Please, without the pictures, restate every entry exactly.
═══ Records ═══
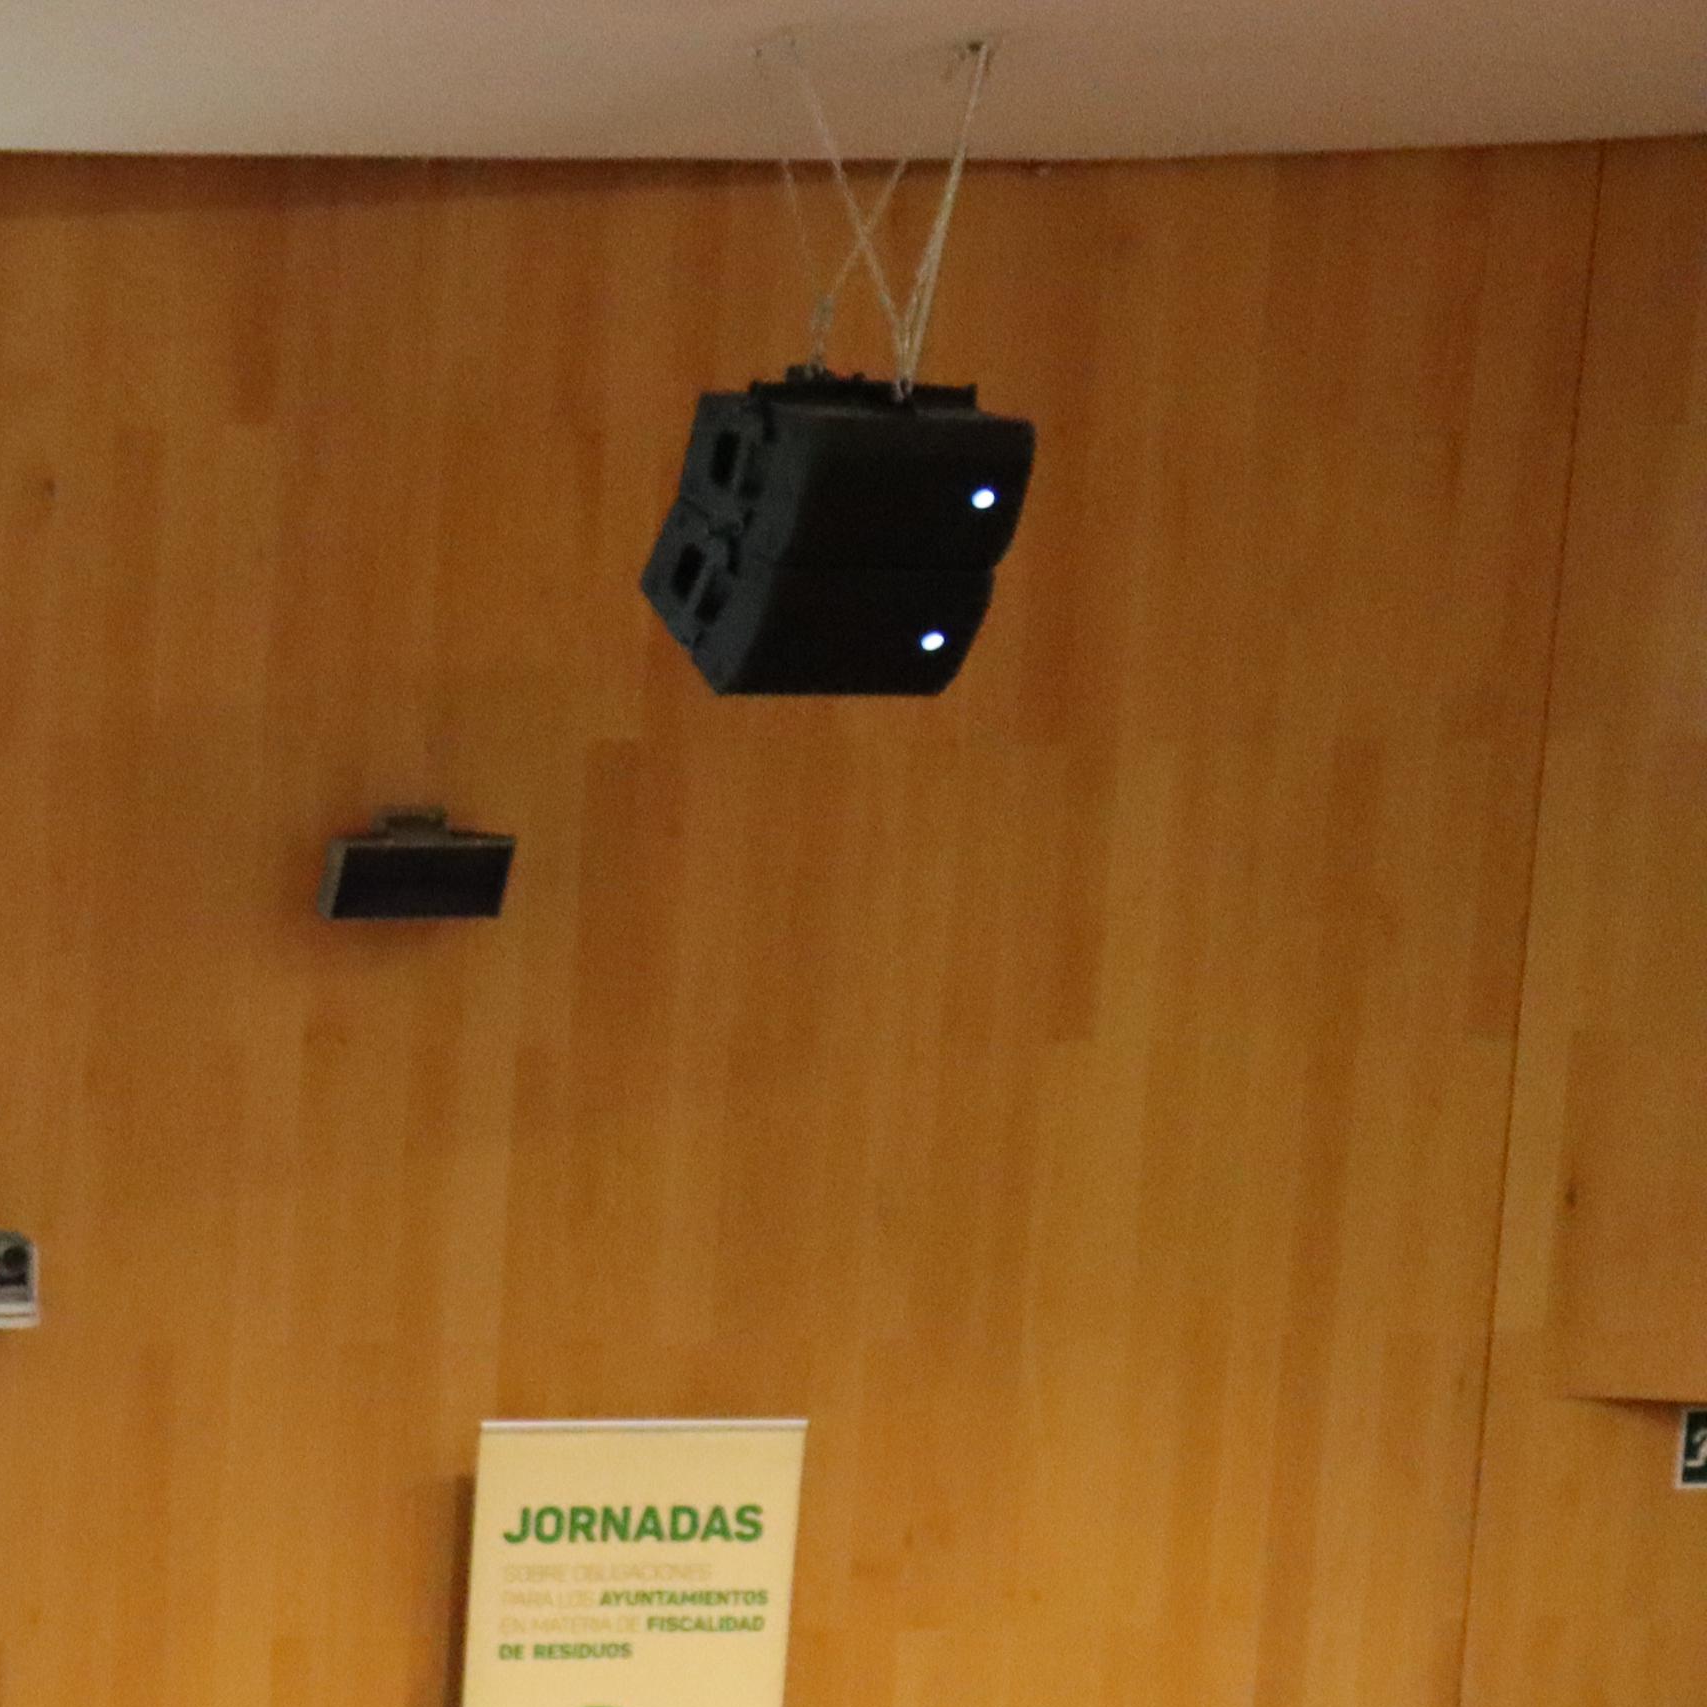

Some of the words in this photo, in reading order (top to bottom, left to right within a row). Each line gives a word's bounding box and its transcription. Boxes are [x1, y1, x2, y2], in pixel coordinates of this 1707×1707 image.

[503, 1504, 764, 1544] JORNADAS
[599, 1589, 768, 1607] AYUNTAMIENTOS
[647, 1615, 765, 1632] FISCALIDAD
[499, 1643, 524, 1660] DE
[533, 1642, 633, 1660] RESIDUOS
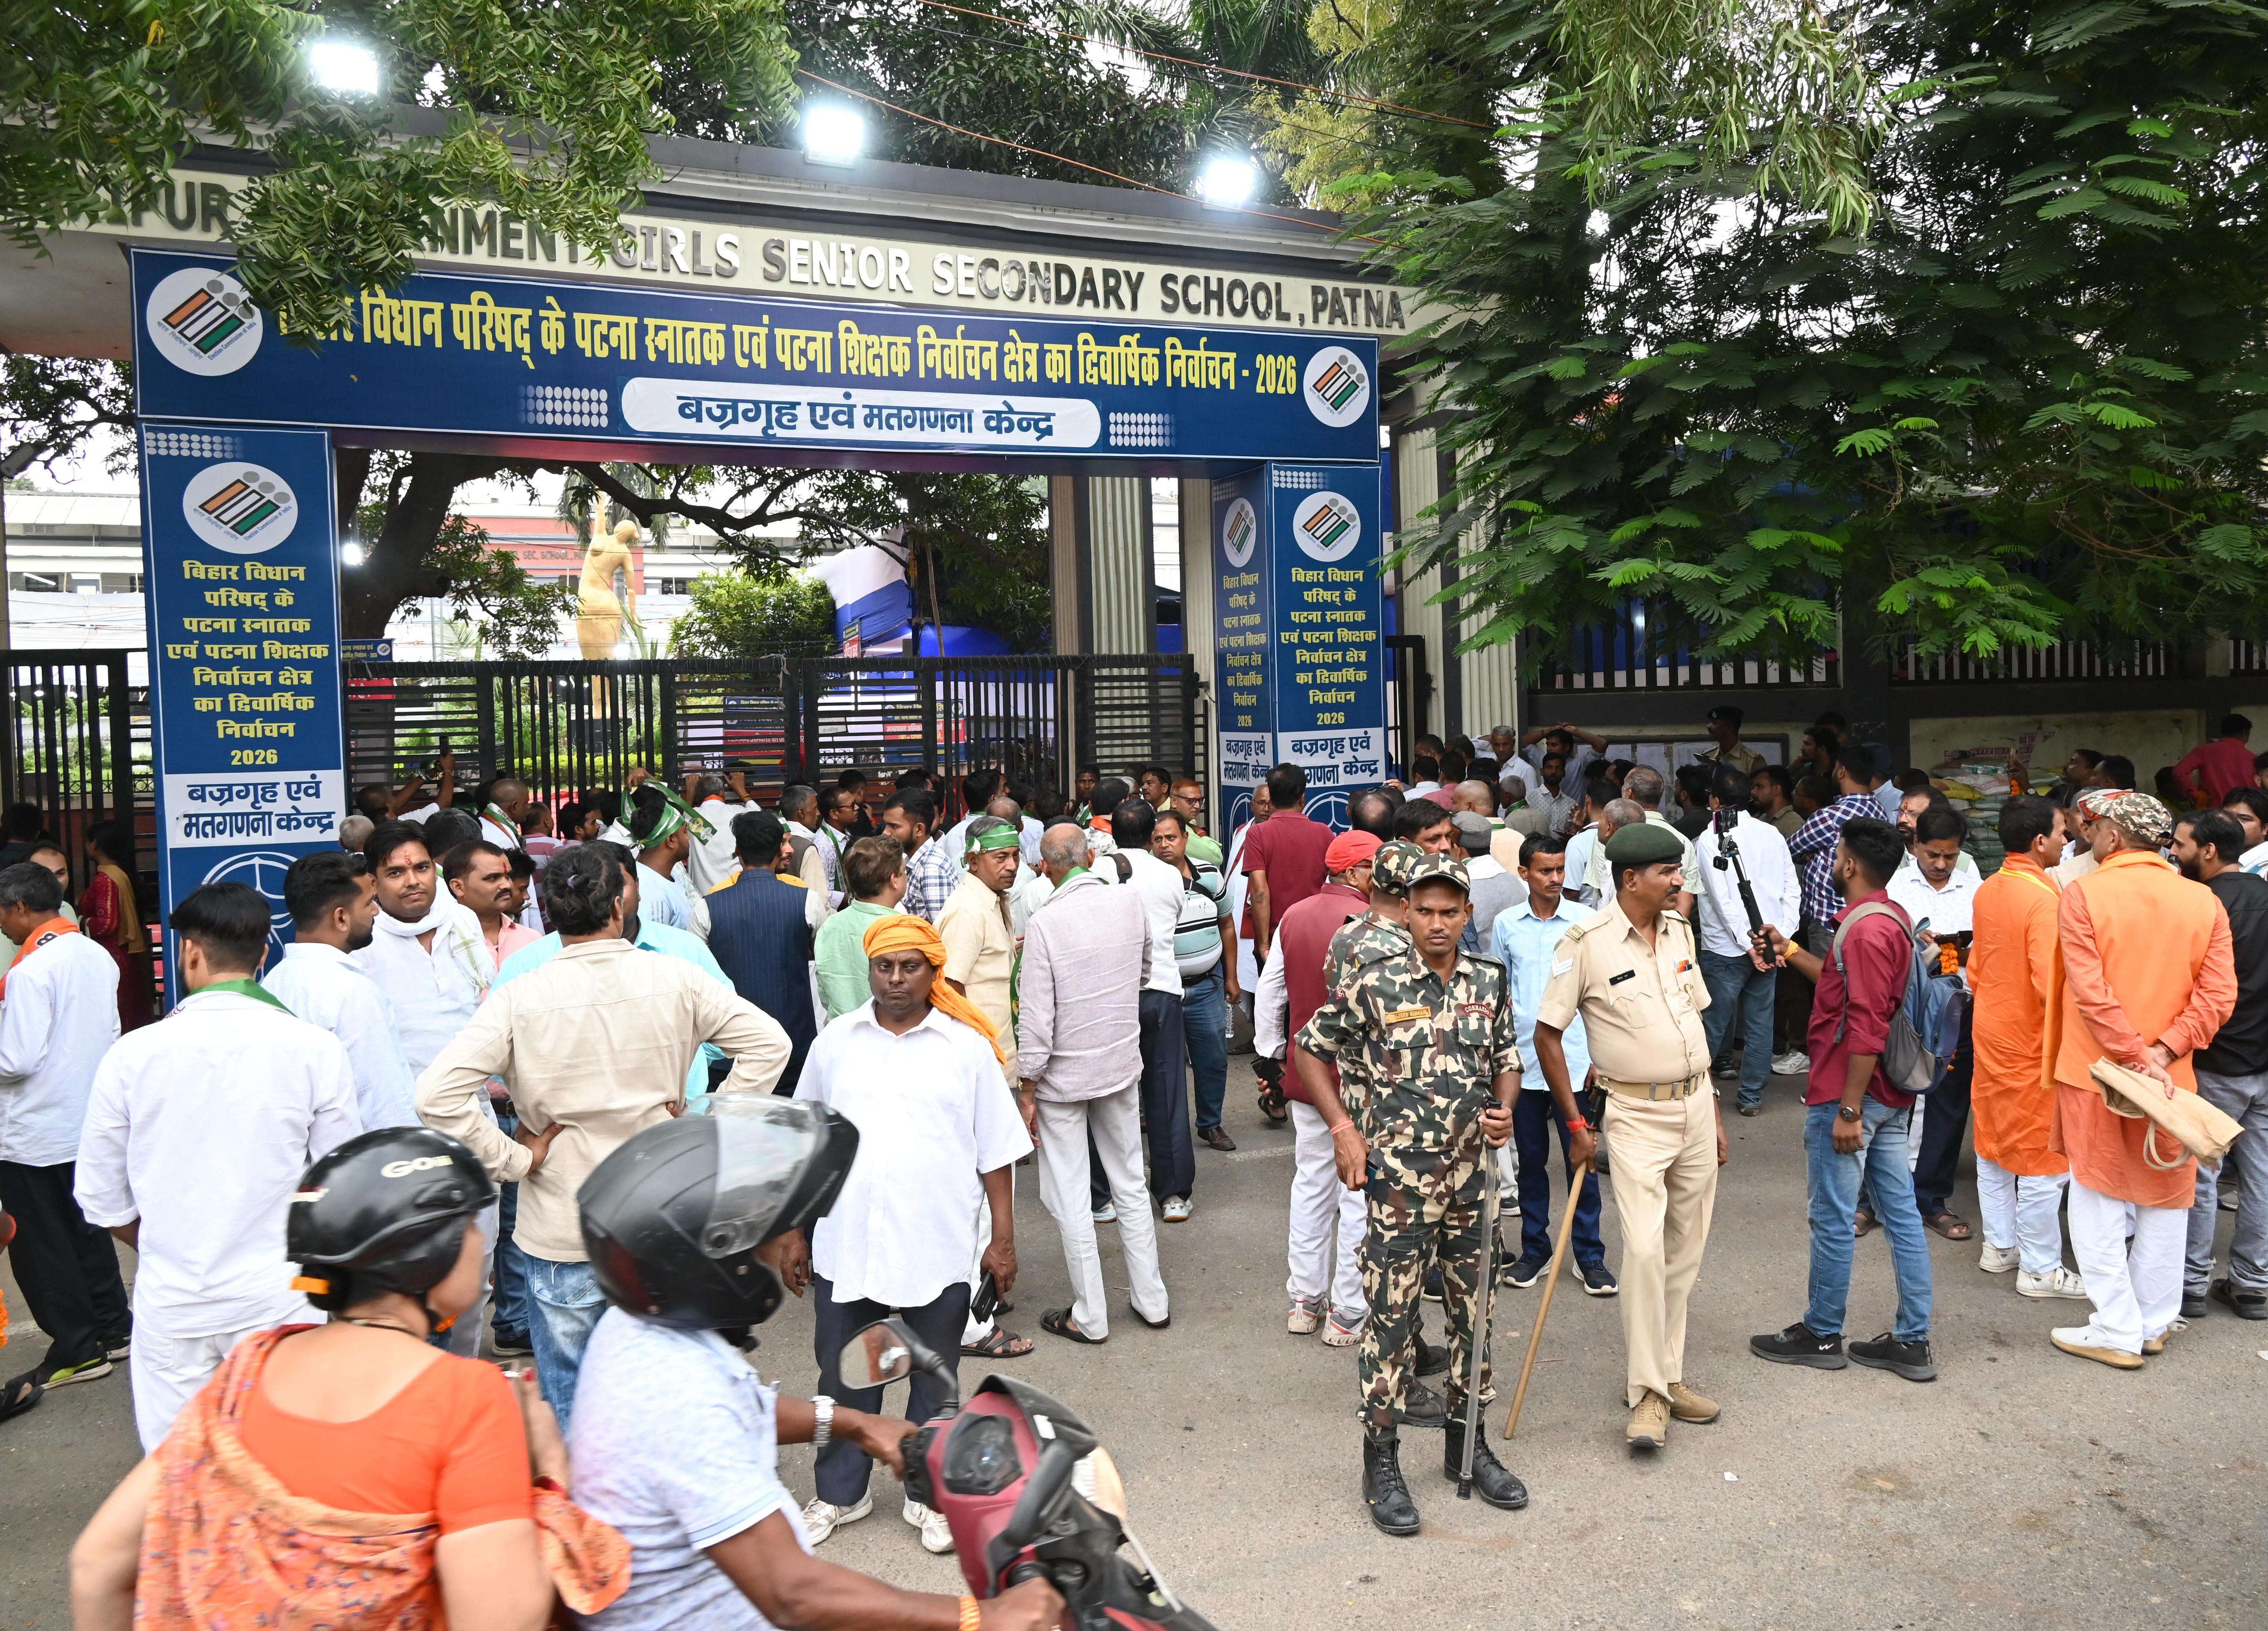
═══
> Solution for this exercise:
Some of the words in this photo, in reading order (top to bottom, left to right within a row). Each line gives a word's bounding box and its transcription. Boxes are [x1, y1, x2, y2], in pixel coordinates of this 1707×1707 image.

[503, 1504, 764, 1544] JORNADAS
[599, 1589, 768, 1607] AYUNTAMIENTOS
[647, 1615, 765, 1632] FISCALIDAD
[499, 1643, 524, 1660] DE
[533, 1642, 633, 1660] RESIDUOS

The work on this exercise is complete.